> [WHAT IS NEEDED]: Output only the line that contains "this 1920×1439 image." and the lines after it, all verbatim, through the last one below.

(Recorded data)
((
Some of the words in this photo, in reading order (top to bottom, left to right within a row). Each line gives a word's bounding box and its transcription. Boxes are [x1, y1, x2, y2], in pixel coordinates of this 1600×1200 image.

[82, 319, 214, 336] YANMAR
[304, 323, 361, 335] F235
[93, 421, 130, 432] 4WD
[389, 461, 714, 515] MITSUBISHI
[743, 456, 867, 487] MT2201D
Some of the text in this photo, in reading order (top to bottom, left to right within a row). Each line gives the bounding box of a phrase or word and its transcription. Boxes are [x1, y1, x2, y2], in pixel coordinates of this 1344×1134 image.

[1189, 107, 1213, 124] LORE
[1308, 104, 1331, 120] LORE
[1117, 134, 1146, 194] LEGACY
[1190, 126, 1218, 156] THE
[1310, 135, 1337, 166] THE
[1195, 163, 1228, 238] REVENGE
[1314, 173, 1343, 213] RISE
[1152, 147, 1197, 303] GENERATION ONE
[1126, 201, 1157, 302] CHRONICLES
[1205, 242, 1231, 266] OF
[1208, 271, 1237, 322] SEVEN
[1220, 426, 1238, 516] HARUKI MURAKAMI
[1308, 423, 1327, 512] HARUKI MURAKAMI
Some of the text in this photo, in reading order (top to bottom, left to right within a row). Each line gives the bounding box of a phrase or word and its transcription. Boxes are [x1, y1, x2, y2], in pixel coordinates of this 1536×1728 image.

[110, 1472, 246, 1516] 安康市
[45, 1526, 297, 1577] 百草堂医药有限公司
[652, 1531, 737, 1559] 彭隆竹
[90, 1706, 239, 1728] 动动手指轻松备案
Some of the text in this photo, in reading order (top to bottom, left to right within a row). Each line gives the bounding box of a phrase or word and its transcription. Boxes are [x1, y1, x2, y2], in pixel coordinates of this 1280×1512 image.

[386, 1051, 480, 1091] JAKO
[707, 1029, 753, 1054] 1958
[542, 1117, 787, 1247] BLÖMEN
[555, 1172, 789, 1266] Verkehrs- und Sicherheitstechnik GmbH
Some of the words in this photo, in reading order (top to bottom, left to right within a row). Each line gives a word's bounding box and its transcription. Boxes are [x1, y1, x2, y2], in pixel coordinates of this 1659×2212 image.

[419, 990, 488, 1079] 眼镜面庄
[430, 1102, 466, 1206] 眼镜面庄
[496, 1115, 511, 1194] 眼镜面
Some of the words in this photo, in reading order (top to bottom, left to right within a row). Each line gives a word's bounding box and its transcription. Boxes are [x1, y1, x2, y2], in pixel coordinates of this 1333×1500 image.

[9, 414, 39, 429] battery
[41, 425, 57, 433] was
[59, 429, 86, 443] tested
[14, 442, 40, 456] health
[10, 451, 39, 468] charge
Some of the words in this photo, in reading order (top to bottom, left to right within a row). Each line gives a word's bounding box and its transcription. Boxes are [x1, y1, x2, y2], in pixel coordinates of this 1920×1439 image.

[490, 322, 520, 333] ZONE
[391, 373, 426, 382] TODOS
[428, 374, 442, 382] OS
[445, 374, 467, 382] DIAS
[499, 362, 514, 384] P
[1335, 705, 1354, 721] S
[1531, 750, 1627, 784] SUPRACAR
))
> [RESULT OF THIS TASK]:
Some of the words in this photo, in reading order (top to bottom, left to right within a row). Each line gives a word's bounding box and its transcription. Boxes are [x1, y1, x2, y2], in pixel coordinates of this 1920×1439 image.

[490, 322, 520, 333] ZONE
[391, 373, 426, 382] TODOS
[428, 374, 442, 382] OS
[445, 374, 467, 382] DIAS
[499, 362, 514, 384] P
[1335, 705, 1354, 721] S
[1531, 750, 1627, 784] SUPRACAR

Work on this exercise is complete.